News and Opinion from Sisters, Oregon
With one dissenting vote, the Sisters City Council has endorsed a plan for Cascade Avenue renovation that the city, Oregon Department of Transportation (ODOT) and the downtown merchants believe they can live with. The council vote was 4-1 in recommending that "Plan B," the asphalt alternative for rebuild of Cascade Avenue, should move forward.
The vote was not specifically about choosing concrete or asphalt. The issue has always been about the schedule and phasing of the project to completely rebuild the Highway 20 roadbed through downtown Sisters.
There has never been a serious objection to the need for the project, and most if not all the constituents agreed that in the 20- to 40-year view, concrete had some notable advantages. The problem was the economic impact of Plan A's proposed complete five-month shutdown of Highway 20/Cascade Avenue through the heart of Sisters' retail zone. The length of the shutdown was related to the requirements of construction with concrete.
Oregon Department of Transportation worked with the city council, City Manager Eileen Stein and an organized and focused merchant group to come up with a last-minute but well-conceived and thoroughly vetted plan that all could live with.
All parties acknowledge that the nine-month project with its rolling blockages, night work and detours will be difficult. But a sizeable majority is convinced that Plan B is much better than the alternatives of doing Plan A or doing nothing. The Sisters Area Chamber of Commerce was an active participant in the decision process, and is promising some creative marketing solutions to minimize the impact on the local merchants.

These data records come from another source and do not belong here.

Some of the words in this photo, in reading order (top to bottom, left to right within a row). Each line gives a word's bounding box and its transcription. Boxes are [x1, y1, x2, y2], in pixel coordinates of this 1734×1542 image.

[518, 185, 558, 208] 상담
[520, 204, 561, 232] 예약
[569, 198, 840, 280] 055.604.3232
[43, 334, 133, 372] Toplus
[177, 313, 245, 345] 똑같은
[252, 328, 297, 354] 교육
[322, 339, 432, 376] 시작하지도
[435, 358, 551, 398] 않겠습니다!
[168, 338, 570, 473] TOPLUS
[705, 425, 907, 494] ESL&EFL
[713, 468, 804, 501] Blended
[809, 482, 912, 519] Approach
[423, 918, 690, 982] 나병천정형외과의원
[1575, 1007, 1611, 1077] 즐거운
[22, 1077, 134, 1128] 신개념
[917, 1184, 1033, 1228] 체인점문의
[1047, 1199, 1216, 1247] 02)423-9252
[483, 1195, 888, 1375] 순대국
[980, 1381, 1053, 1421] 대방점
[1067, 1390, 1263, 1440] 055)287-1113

Councilor David Asson cast the lone dissenting vote.
"I think this is going to hurt the merchants more than they think," he said.

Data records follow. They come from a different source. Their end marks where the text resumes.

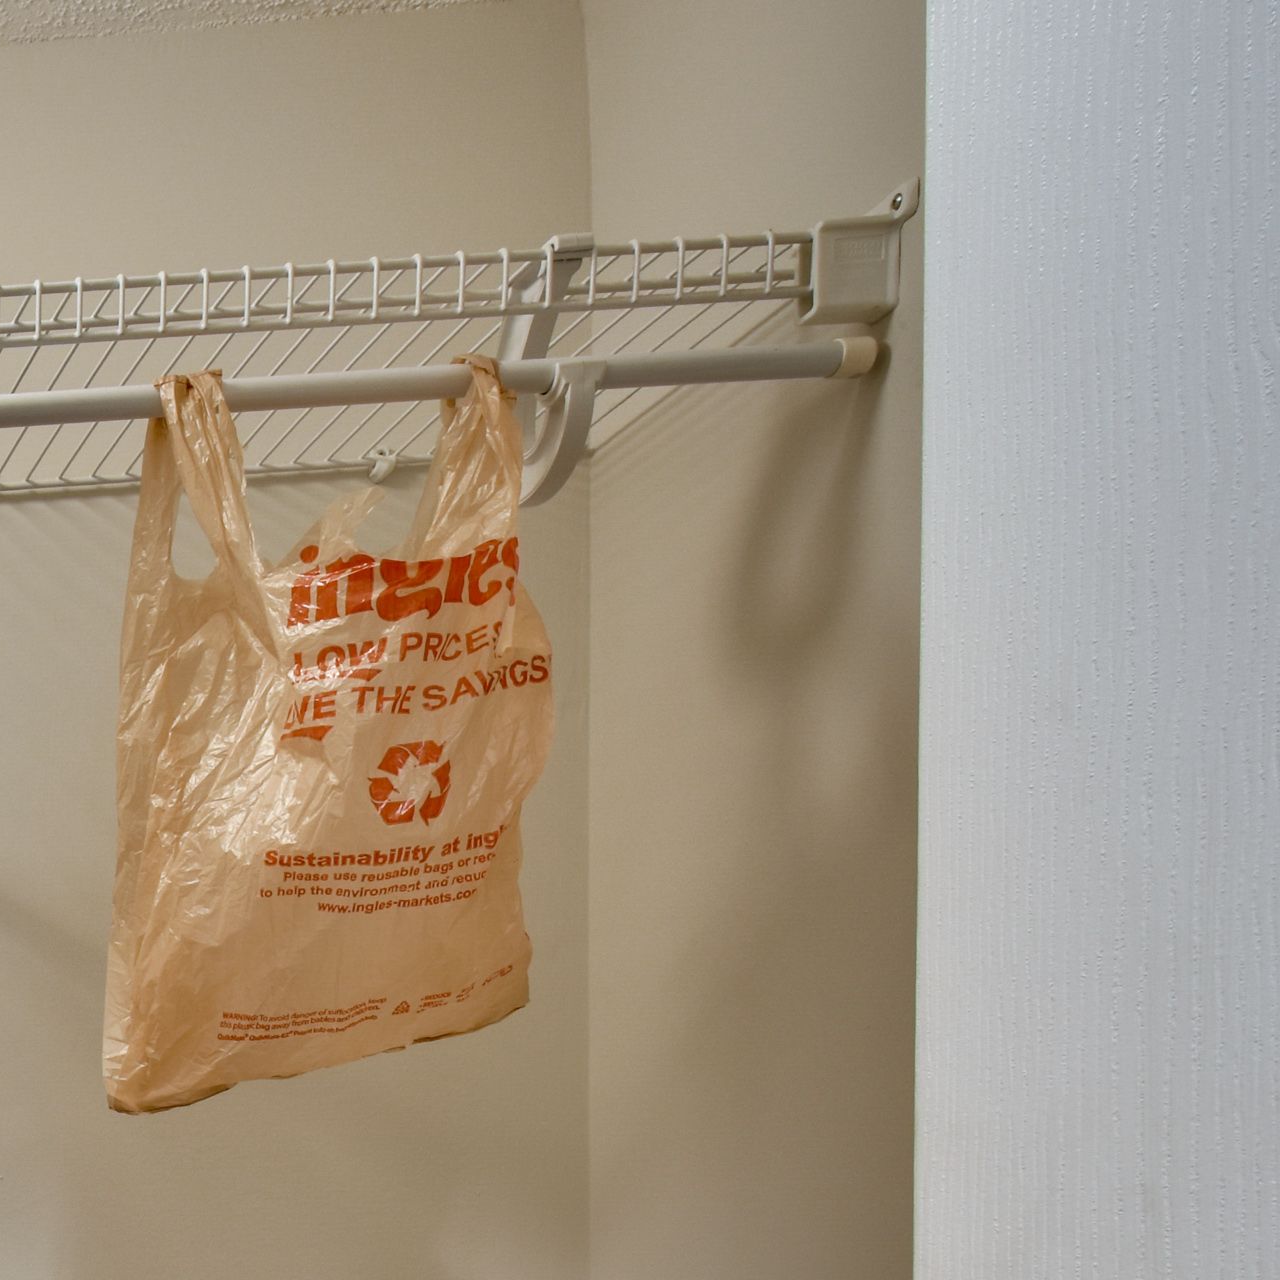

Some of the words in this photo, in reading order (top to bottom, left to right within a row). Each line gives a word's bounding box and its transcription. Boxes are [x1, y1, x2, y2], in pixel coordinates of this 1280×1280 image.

[352, 685, 416, 714] THE
[264, 845, 436, 868] Sustainability
[441, 837, 461, 858] at
[283, 871, 329, 883] Please
[333, 871, 358, 882] use
[361, 867, 420, 883] reusable
[423, 861, 454, 876] bags
[457, 857, 471, 867] or
[260, 887, 273, 899] to
[277, 886, 306, 899] help
[310, 885, 333, 896] the
[335, 881, 421, 899] environment
[424, 876, 449, 889] and

Asson believes that the first impression of a visitor when they see any type of construction zone will be to drive on. In his reasoning, since there will likely be construction activity on Cascade Avenue for nine months with Plan B rather than five months with Plan A, the cumulative effect will be worse with Plan B.
That view, however, runs counter to the overwhelming preference of the merchants themselves, and it gained no traction with the rest of the council, which elected to move forward with the asphalt option. Preliminary construction work is expected to commence in September 2013.